Firstly and most significantly, it should be realised by all that the migration of data from one tape to another requires careful consideration and planning. A change in length of a single block on tape of even one byte can significantly affect ones ability to access the data in the future. Secondly, as a general rule, legacy magnetic media can be highly susceptible to deterioration. Experience over the last 20 years of tape data recovery has shown that poor storage conditions, as well as the manufacturer and brand of tape are the most significant contributors to determining a tapes lifespan. As a general rule, use tapes with back coating technology such as Imation or 3M Blackwatch. These tapes tend to not be affected by the absorption of moisture to the same extent that non-back coated tapes are. Lastly, metadata such as original blocking structures and format specifications are as important in a recovery project as the data itself.

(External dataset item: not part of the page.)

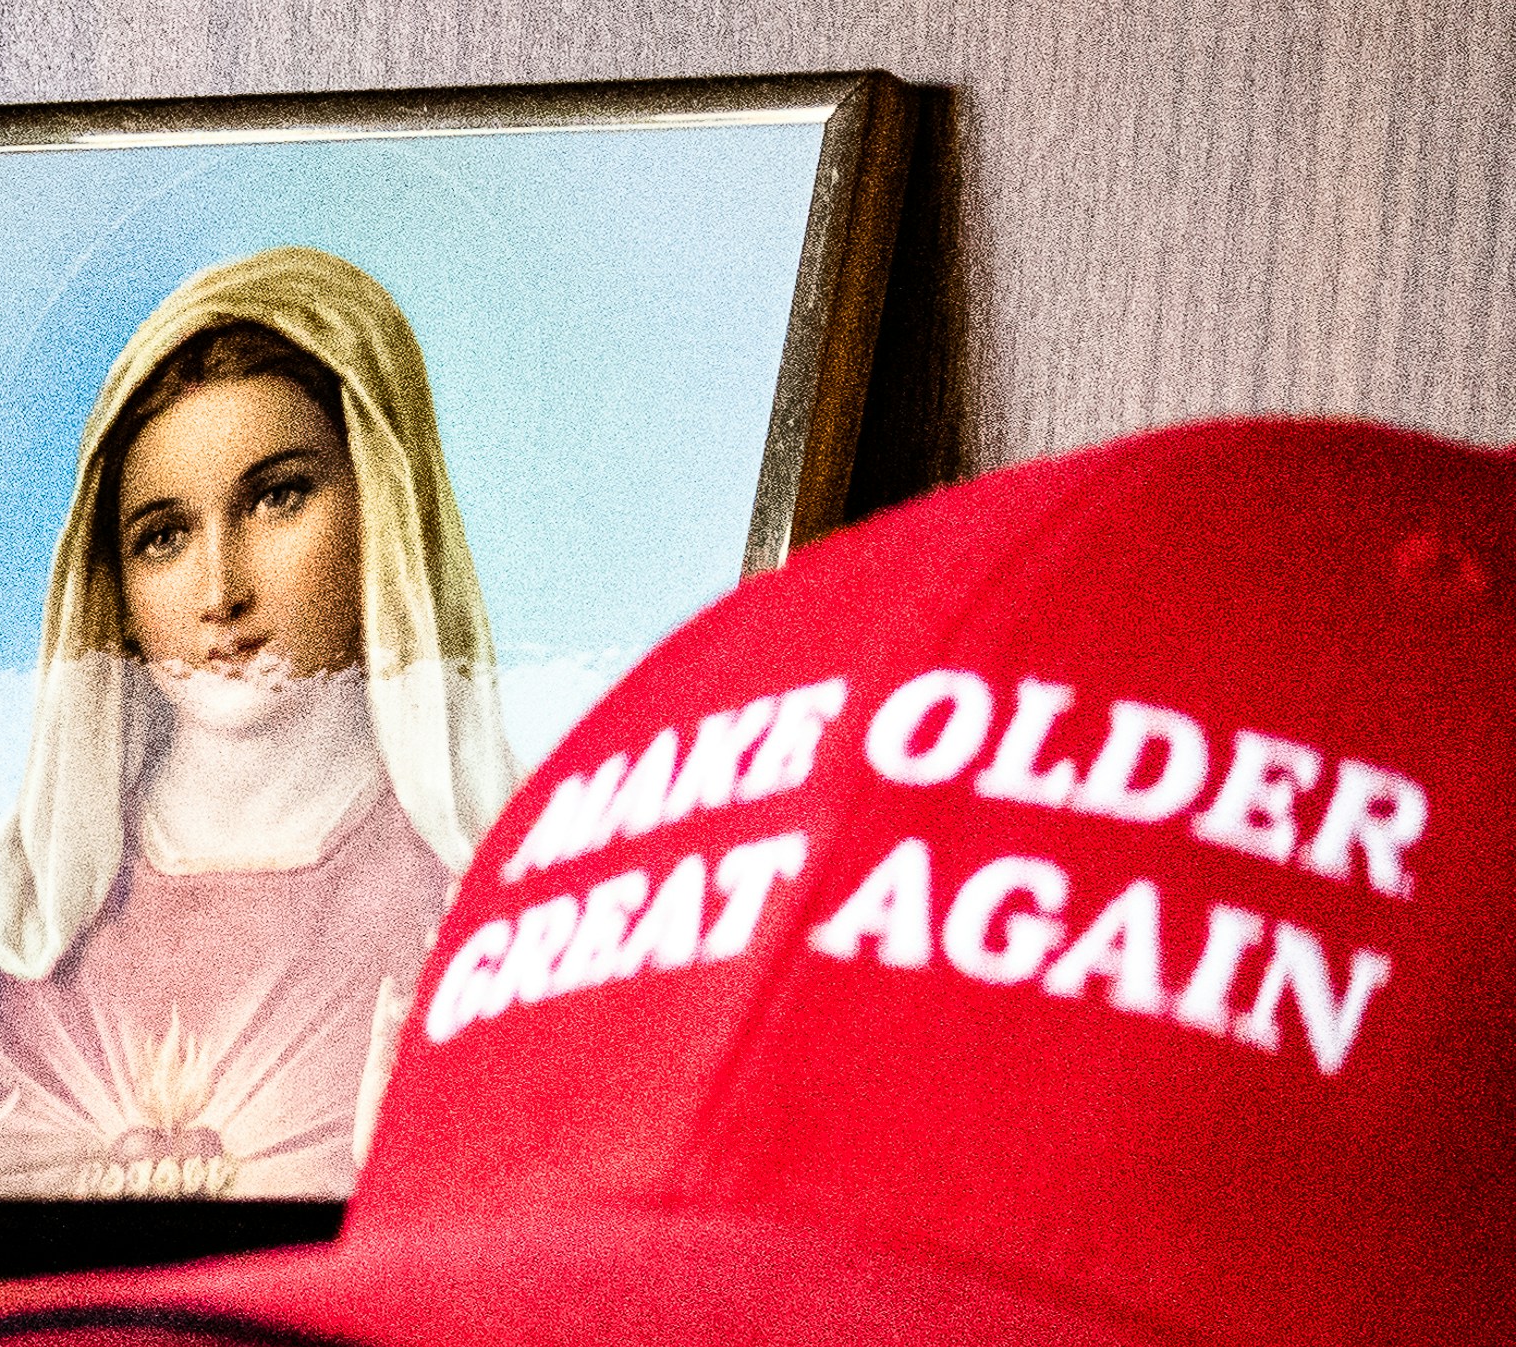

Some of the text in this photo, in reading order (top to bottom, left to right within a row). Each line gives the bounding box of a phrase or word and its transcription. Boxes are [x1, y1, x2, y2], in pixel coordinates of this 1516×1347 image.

[499, 667, 1431, 902] MAKE OLDER
[423, 831, 1392, 1079] GREAT AGAIN

The migration of bytes of data to new media does not in itself constitute preservation and in many cases can render invaluable data more vulnerable.

Acknowledgements

SpectrumData was previously a division of Encom Technology based in Sydney Australia. I would like to acknowledge Dave Pratt and in particular Ian Grierson for their contribution over the years to the pioneering and development of our understanding of tape deterioration and the recovery process, especially in the areas of stiction and stiction reversal treatment.

References

1. Northwood, E. J., Weisinger, R. C., and Bradley, J. J., 1967, Recommended standards for digital tape formats: Geophysics, v. 32, p. 1073-1084. 2. Grierson, I., Holmes, G. C., Tape and Data Recovery – Protecting Your Investment. October, 1999.